- Born: 22 February 1926 South Africa
- Died: 5 August 2018 (aged 92) Warrigal aged care complex
- Cause of death: Manslaughter
- Education: University of Cape Town
- Known for: Author
- Spouse: Bill White
- Awards: Riversleigh medal
- Scientific career
- Fields: Paleobotany
- Workplaces: Bureau of Mineral Resources Australian Museum

= Mary E. White =

Australian paleobotanist and author (1926–2018)

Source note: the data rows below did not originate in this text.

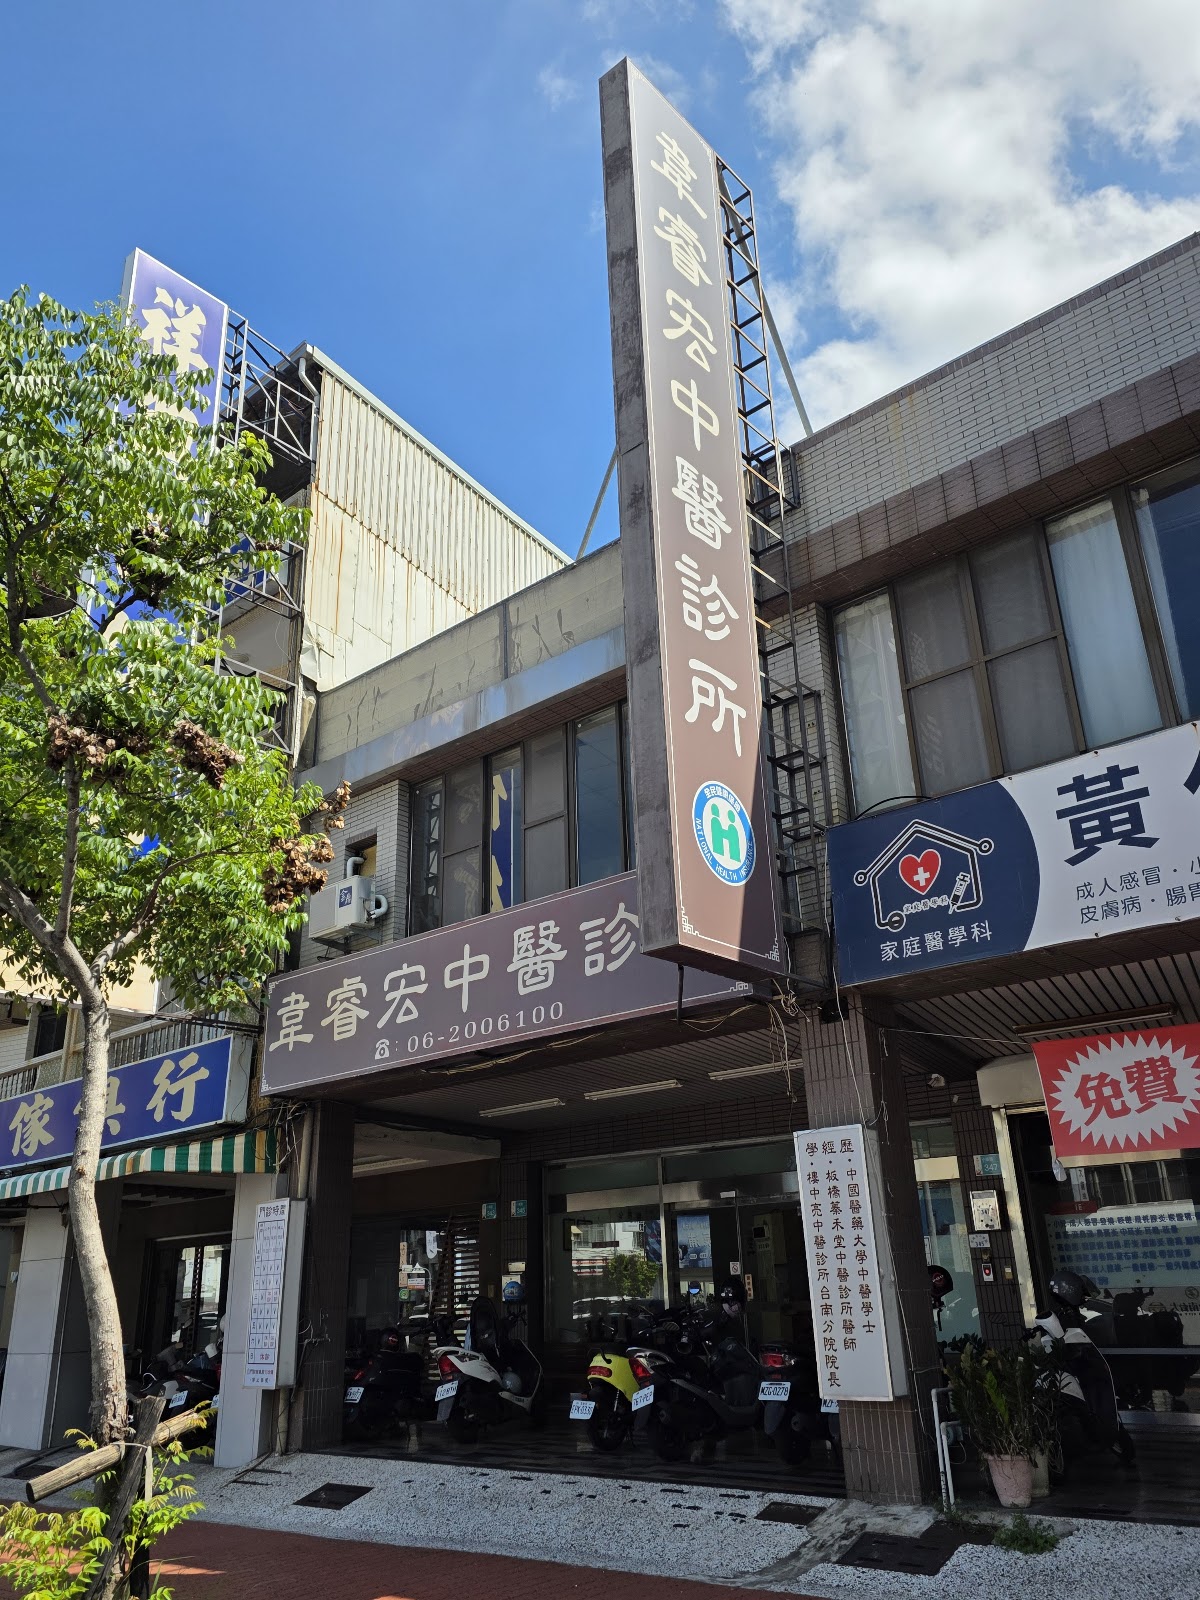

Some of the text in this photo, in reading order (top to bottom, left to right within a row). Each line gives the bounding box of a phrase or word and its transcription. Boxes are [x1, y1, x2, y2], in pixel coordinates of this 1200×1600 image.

[651, 131, 746, 758] 韋睿宏中醫診所
[696, 817, 753, 880] NATIONAL HEALTH INSURANCE
[880, 919, 993, 962] 家庭醫學科
[406, 1001, 564, 1053] 06-2006100
[1074, 1054, 1187, 1127] 免費
[984, 1163, 998, 1172] 347
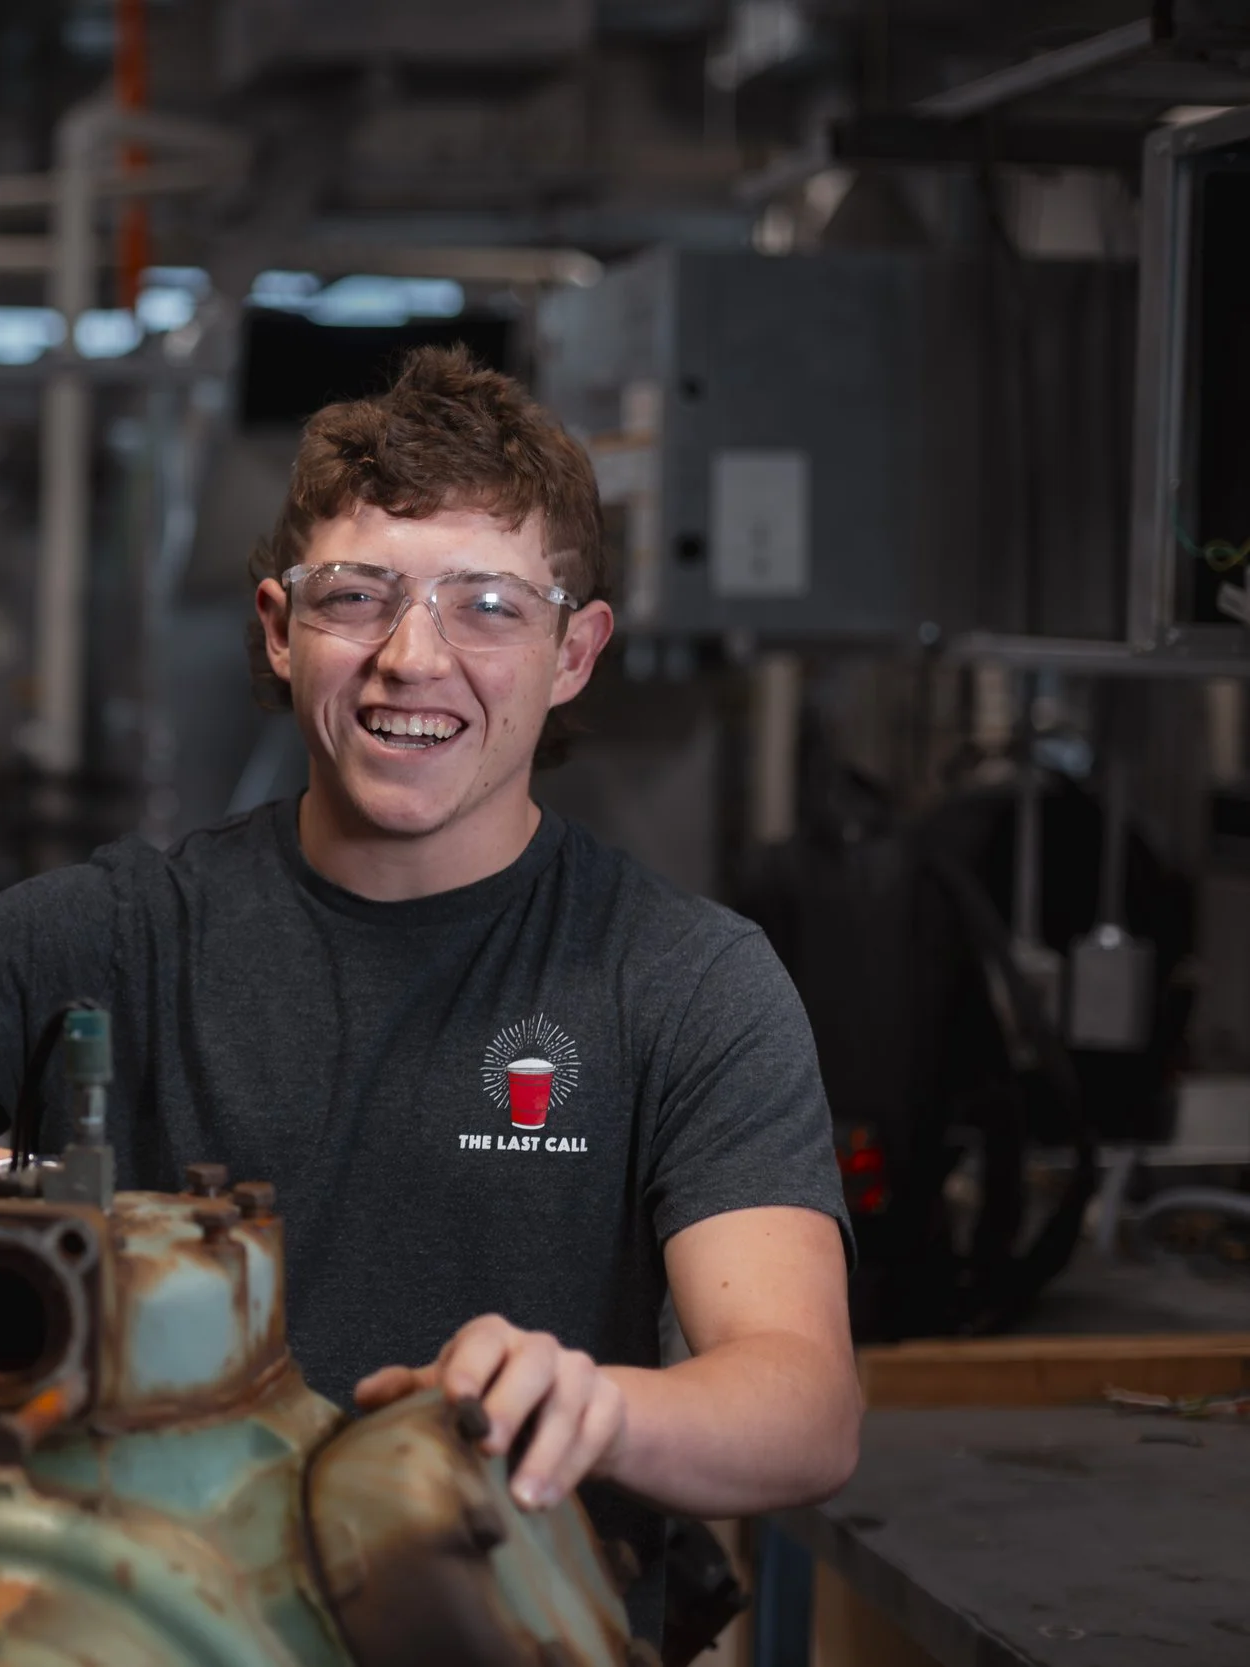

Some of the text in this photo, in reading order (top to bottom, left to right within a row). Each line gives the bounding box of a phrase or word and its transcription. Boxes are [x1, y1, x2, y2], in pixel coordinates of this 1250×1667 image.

[458, 1134, 588, 1152] THE LAST CALL
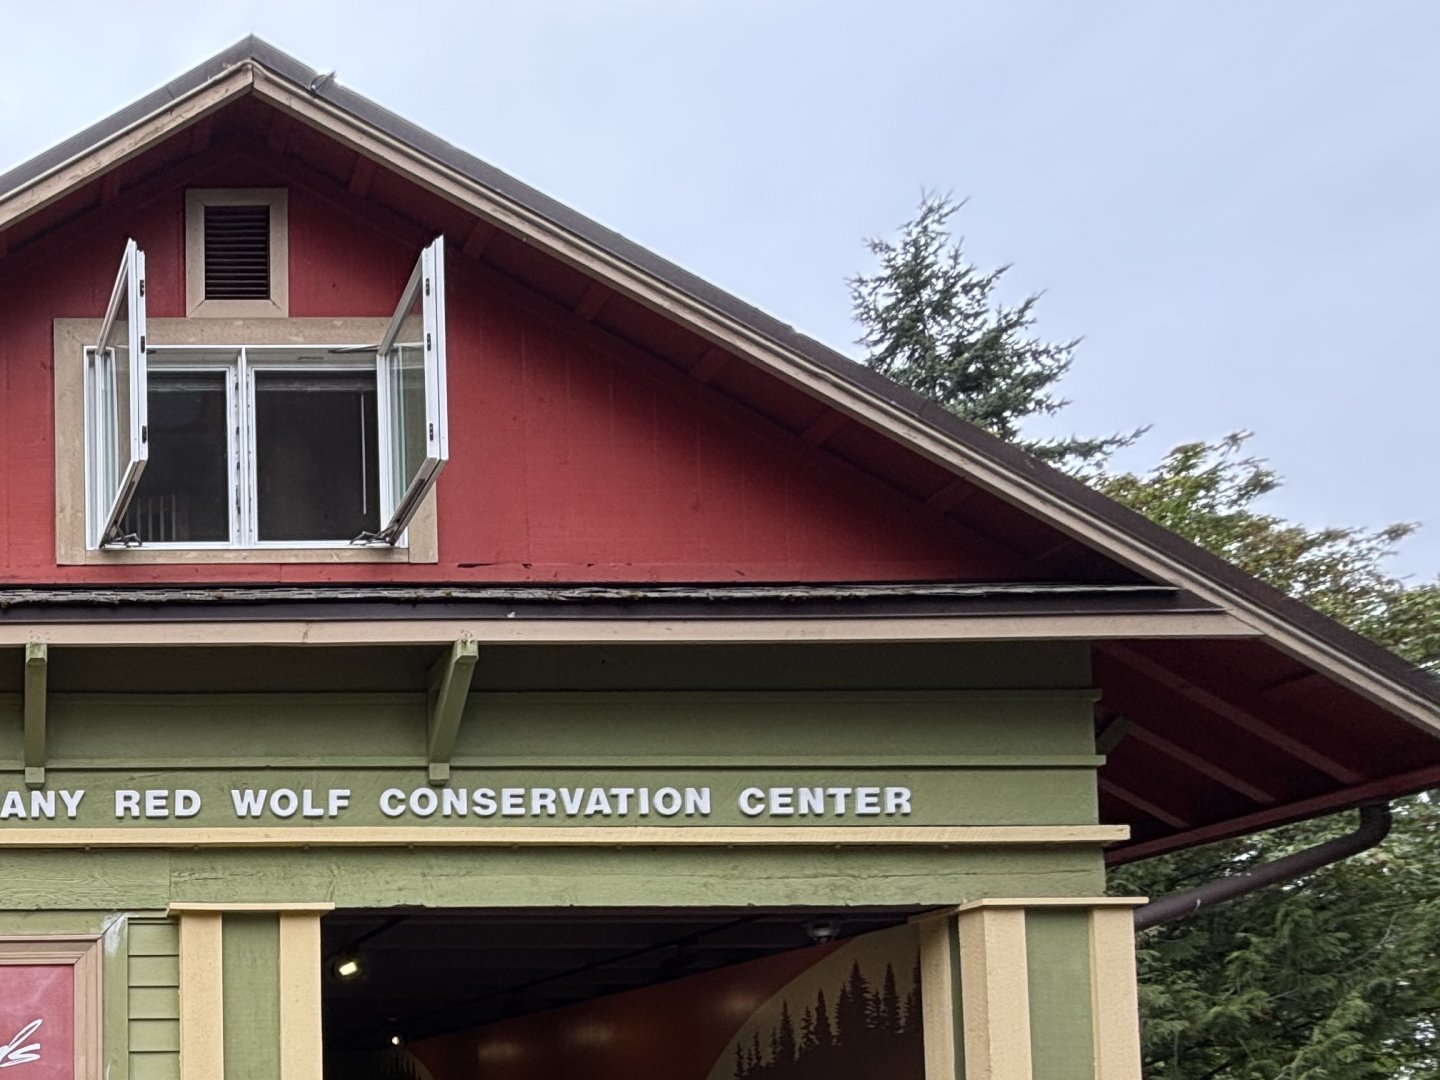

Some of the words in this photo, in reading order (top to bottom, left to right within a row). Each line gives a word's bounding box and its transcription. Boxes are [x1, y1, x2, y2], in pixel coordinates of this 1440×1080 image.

[114, 789, 202, 818] RED
[231, 788, 351, 817] WOLF
[378, 787, 712, 816] CONSERVATION
[737, 787, 913, 815] CENTER
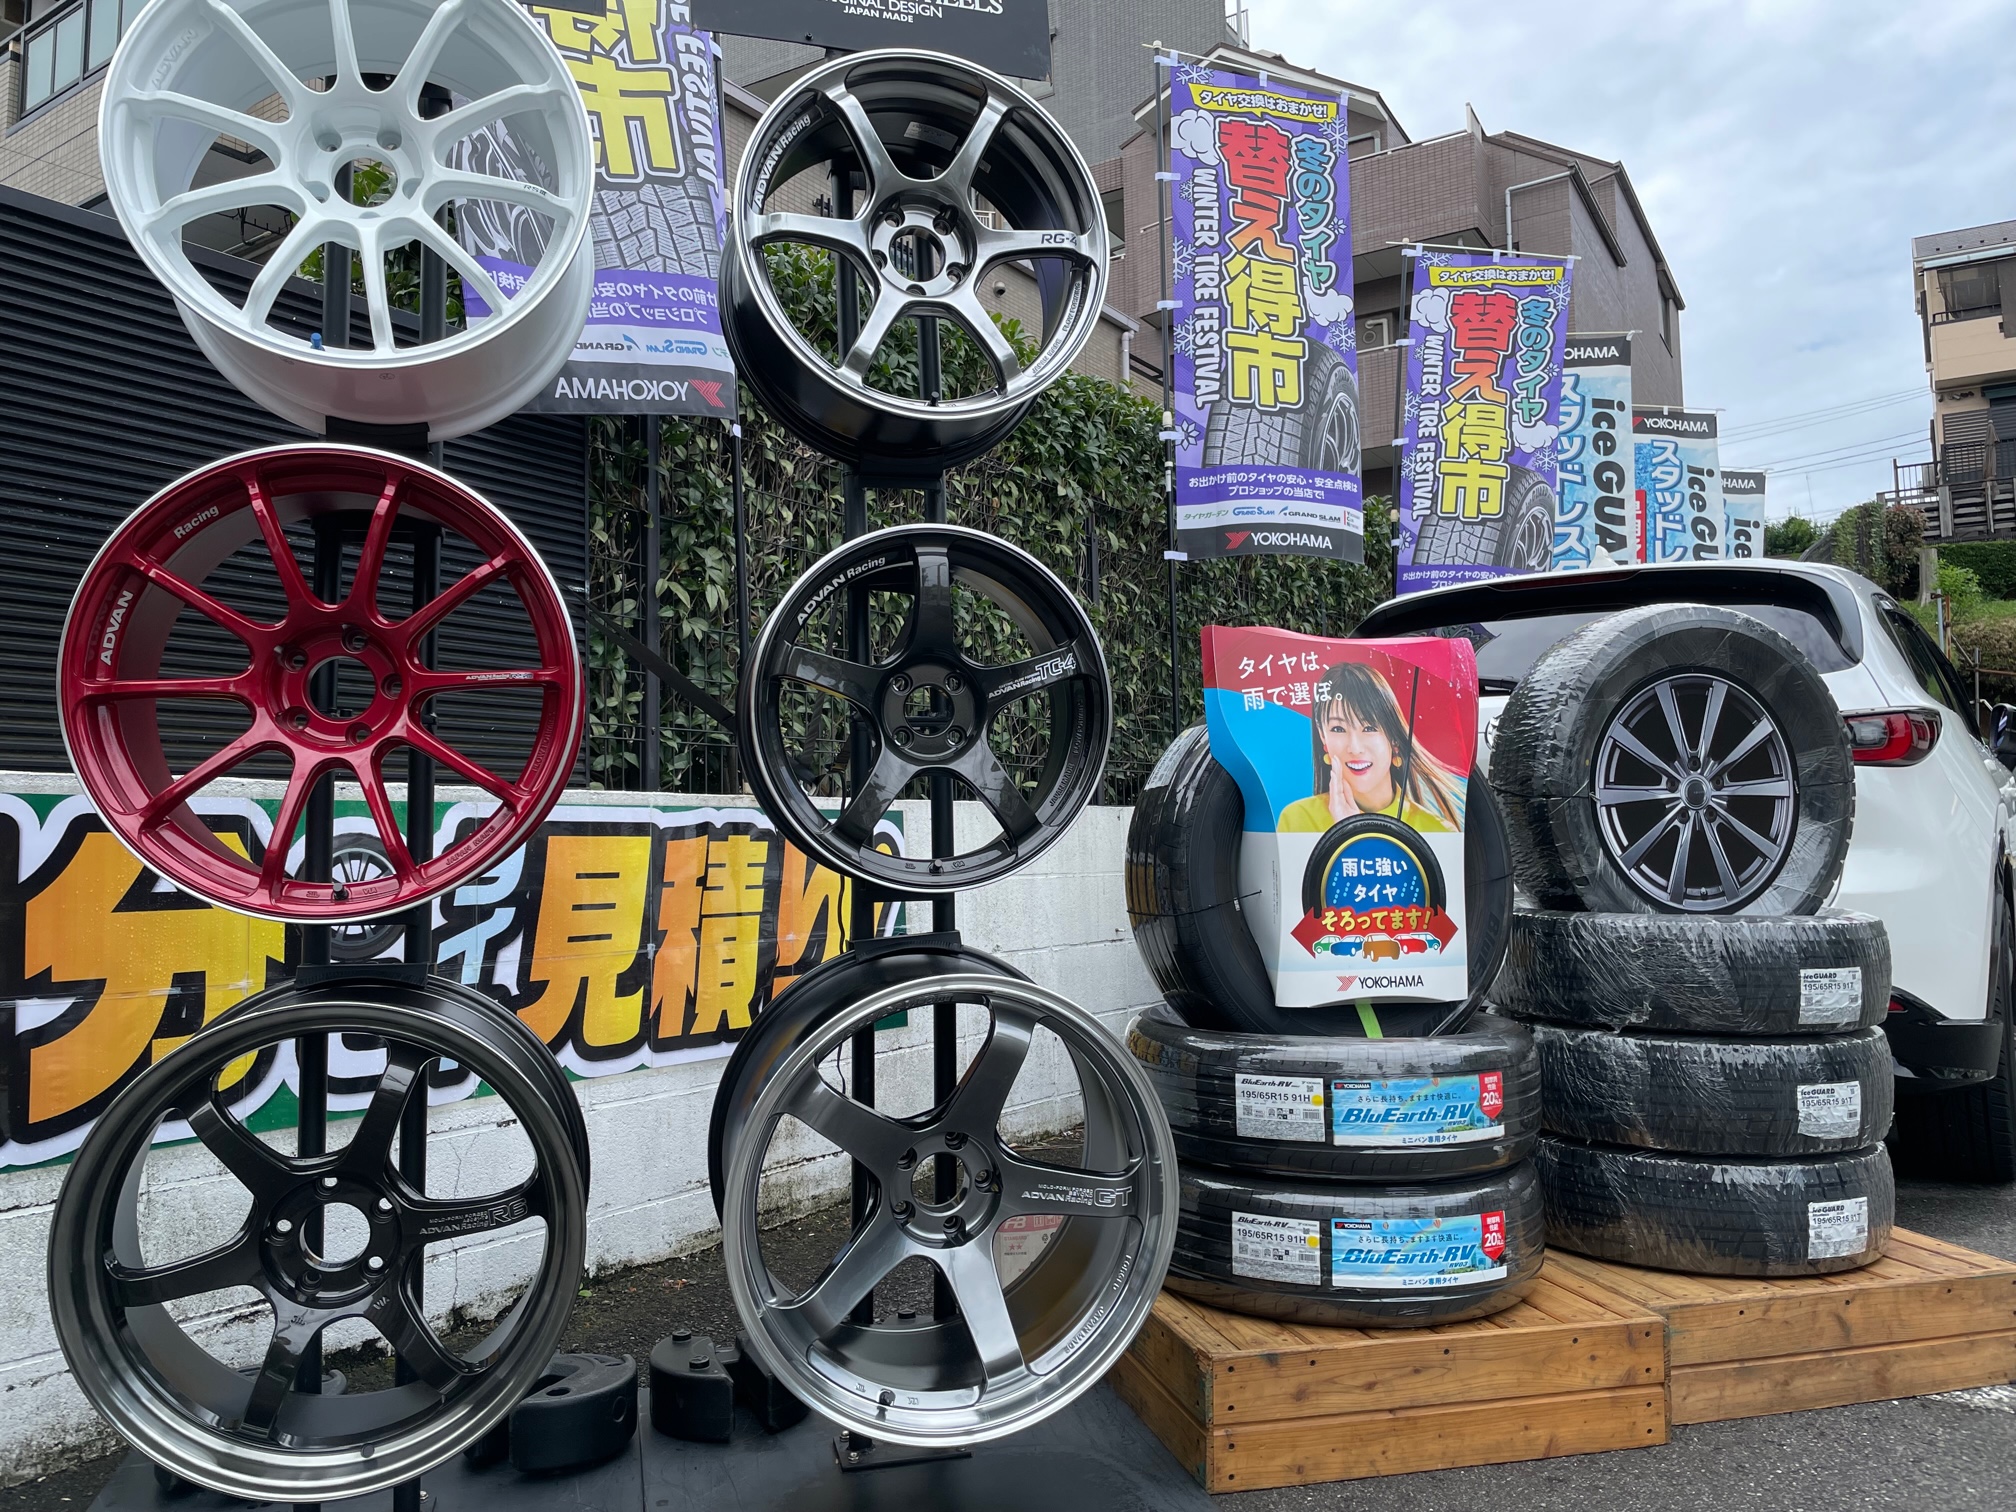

Mary Elizabeth White (22 February 1926 – 5 August 2018) was an Australian paleobotanist and author, notable for collecting numerous plant fossils for the Australian Museum, describing a number of new plant fossil species, and authoring several well received, large format science books for the general readership including "The Greening of Gondwana" (1986) and successors.

==Biography==
===Early years and scientific career===
White was born in South Africa, grew up in southern Rhodesia (now Zimbabwe) and received a master's degree in paleobotany from the University of Cape Town. She married Bill White, a geologist; the couple came to Australia in 1955. White worked as a consultant for the Bureau of Mineral Resources in Canberra until the 1980s; she also consulted on a part-time basis for mining companies. In 1975, she was hired as a research associate for the Australian Museum; she established a collection of 12,000 specimens of plant fossils for the museum. Among her published output were descriptions of several new species and genera including Agathis jurassica, Rissikia talbragarensis and Pentoxylon australica from the Late Jurassic Talbragar Fish Beds, Squamella, a new genus of Glossopterid fructification from the Late Permian, and Cylomeia, a new genus for an Early Triassic lycopod.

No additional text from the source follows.